For the details and all changes, please browse our issue tracker for 4.1.35.Final.

Notes about new features / improvements

This section contains some details about some changes that deserve a bit more attentions. Please check the related PRs for even more details.

Offload various handshake related operations from the EventLoop

This release added various features related to offload handshake related operations from the EventLoop when netty-tcnative-boringssl-static is used. This can be very helpfully if you need to do any blocking operation in your KeyManager or TrustManager implementation. As these are still considered as "experimental" as these were just added you explicit need to enable the offloading via -Dio.netty.handler.ssl.openssl.useTasks=true.

Beside this you will need to use the SslContext methods that take another Executor in its parameters.

Related PRs:

  • Allow to offload / customize key signing operations when using BoringSSL (#8943)
  • Allow to offload certificate validation when using BoringSSL (#8974)

Offload key signing operations

When using netty-tcnative-boringssl-static it is now possible to offload the key-signing completely (a.k.a keyless SSL). This can be done by implementations OpenSslPrivateKeyMethod and set your implementation via ReferenceCountedOpenSslContext.setPrivateKeyMethod(...).

Please note that this feature is still considered experimental and so is marked with @UnstableApi.

For more details see (#8943).

Performance improvements when using BoringSSL

We now use CRYPTO_BUFFER when netty-tcnative-boringssl-static is used which allows us to remove the overhead of multiple parsing operations related to the certificate chain.

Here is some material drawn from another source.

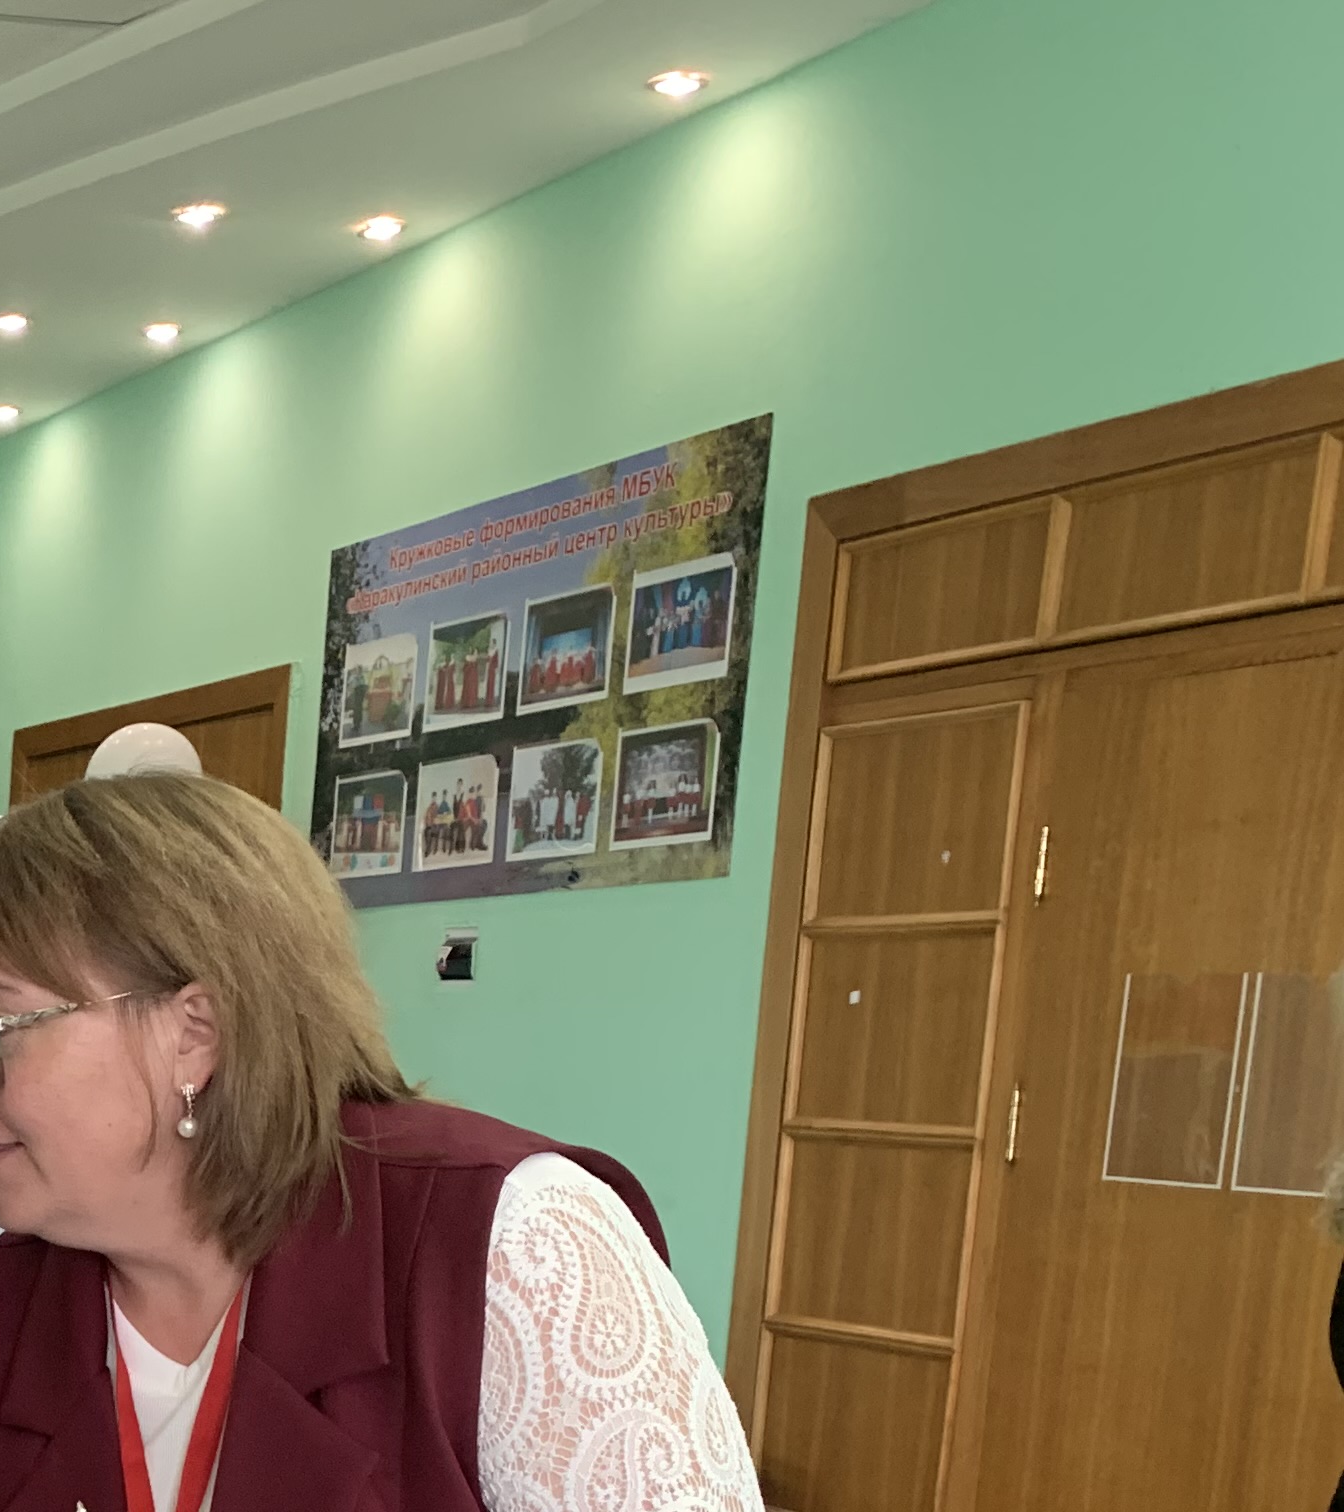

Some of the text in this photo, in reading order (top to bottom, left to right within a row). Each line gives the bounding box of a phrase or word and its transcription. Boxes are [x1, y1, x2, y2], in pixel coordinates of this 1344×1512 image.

For more details see (#455).

New Team Members

I am happy to announce that @franz1981 and @njhill were added to the Netty Team to recognize all the hard and amazing work both of them did in the past. Congratulations to both!

Thank You

Every idea and bug-report counts and so we thought it is worth mentioning those who helped in this area. Please report an unintended omission.